Très bien. Suivant sur la liste.

On pouvait uniquement transformer les objets dans leur intégralité. On ne pouvait pas transformer la moitié d'une allumette en épingle, il fallait métamorphoser l'objet entier. Quand Harry s'était retrouvé enfermé dans cette salle par Draco, ça avait été la raison pour laquelle il n'avait pas pu juste métamorphoser en éponge un coupe cylindrique des murs et percer un trou dans la pierre assez large pour passer au travers de celui-ci. Il aurait fallu imposer une nouvelle forme au mur dans son ensemble et peut-être à toute une section de Poudlard juste pour changer ce petit bout.

Et c'était ridicule.

Les choses étaient composées d'atomes. Plein de petits points. Il n'existait pas de continuité, il n'existait pas de solidité, juste des forces électromagnétiques tenant des petits points reliés les uns aux autres...


Mandy Brocklehurst interrompit le mouvement de sa fourchette en chemin vers sa bouche. "Euh," dit-elle à Su Li, qui était assise de l'autre côté de l'espace maintenant vide situé à sa droite, "qu'est-ce qui lui arrive, à Hermione ?"


Harry voulait tuer sa gomme.

Il avait essayé de métamorphoser en acier un seul petit endroit du rectangle rose, séparé du reste du caoutchouc, et la gomme ne voulait pas coopérer.

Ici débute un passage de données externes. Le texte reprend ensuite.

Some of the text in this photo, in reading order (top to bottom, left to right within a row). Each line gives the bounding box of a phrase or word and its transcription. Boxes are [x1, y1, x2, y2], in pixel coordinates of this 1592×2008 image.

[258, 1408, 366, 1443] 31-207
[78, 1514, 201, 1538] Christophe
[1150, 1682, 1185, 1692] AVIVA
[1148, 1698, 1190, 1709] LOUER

Ça ne pouvait pas être une véritable limitation, il fallait qu'elle soit seulement conceptuelle.

Les choses étaient composées d'atomes, et chaque atome était une petite partie distincte. Les atomes étaient reliés entre eux par une brume quantique chargée d'électrons pour les liaisons covalentes, ou parfois juste par du magnétisme à courte portée pour les liaisons ioniques, ou par les forces de van der Waals.

Si on voulait en venir là, les protons et les neutrons à l'intérieur du nucléus étaient de petites choses distinctes. Les quarks à l'intérieur des protons et des neutrons étaient de petites choses distinctes ! Il n'y avait tout simplement rien dans la réalité, dans le monde-tel-qu'il-était, qui correspondait au concept humain d'objet solide. Tout n'était que petits points.

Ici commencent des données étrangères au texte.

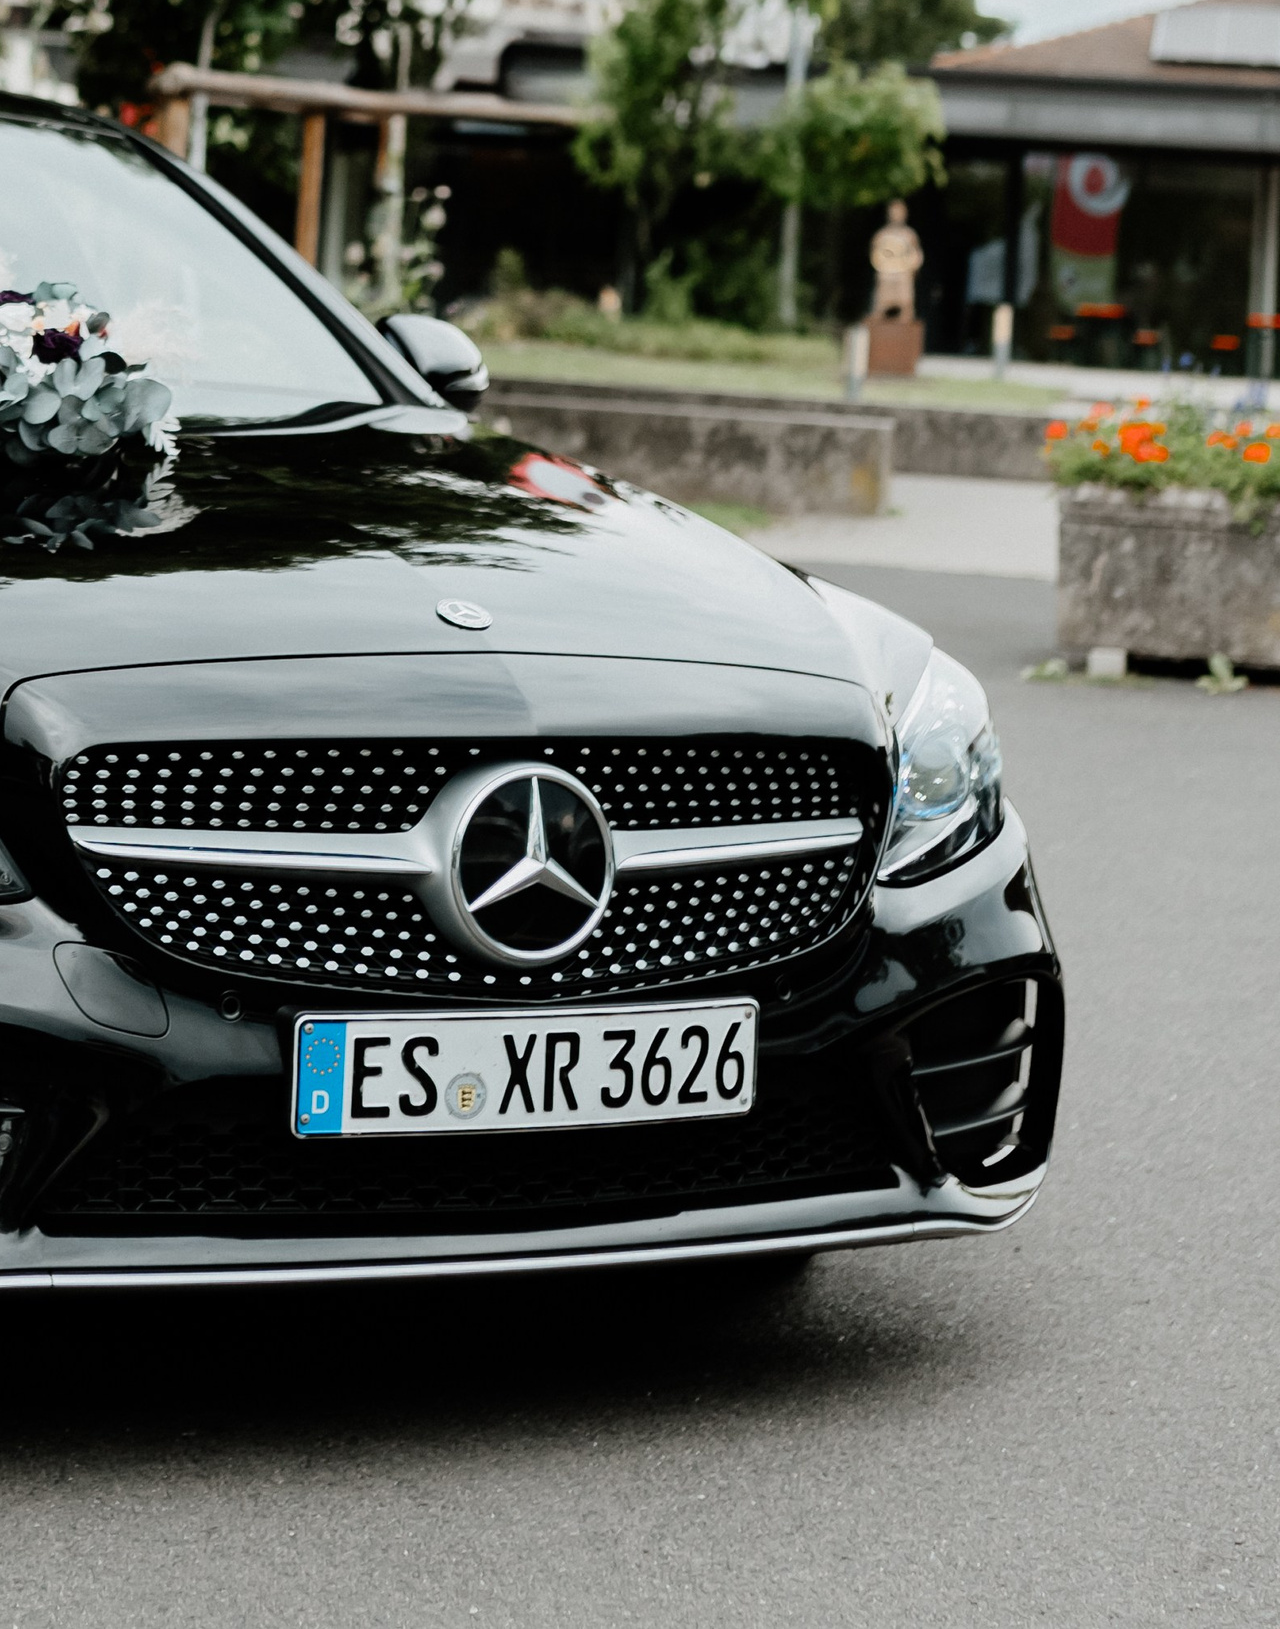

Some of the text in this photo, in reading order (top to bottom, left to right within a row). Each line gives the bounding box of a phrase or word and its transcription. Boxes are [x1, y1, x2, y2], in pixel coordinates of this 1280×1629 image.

[350, 1036, 440, 1119] ES
[498, 1031, 581, 1115] XR
[600, 1021, 745, 1109] 3626
[311, 1089, 330, 1115] D

Et la Métamorphose libre était en premier lieu une opération de l'esprit, non ? Pas de mots, pas de gestes. Seul le pur concept de forme, maintenu fermement séparé de celui de substance, imposé à une substance visualisée sans sa forme. Ça et la baguette et ce quelque chose qui faisait de vous un sorcier.

Si les sorciers ne pouvaient pas métamorphoser des parties d'ensembles, s'ils pouvaient uniquement transformer ce que leurs esprits percevaient comme étant des objets entiers, c'était parce qu'ils ne savaient pas, du fond de leur âme, qu'au fond, tout n'était qu'atomes.

Et Harry n'avait toujours pas réussi à transformer ce petit bout de la gomme, la métamorphose n'allait nulle part.

C'était. Ridicule.

Les jointures des doigts de Harry blanchissaient. Les résultats expérimentaux vides de sens commençaient à le rendre malade.

Peut-être que le fait qu'une partie de son esprit pensait encore en termes d'objets entiers empêchait la métamorphose d'avoir lieu. Il avait pensé à une collection d'atomes qui était une gomme. Il avait pensé à une collection qui était un petit bout.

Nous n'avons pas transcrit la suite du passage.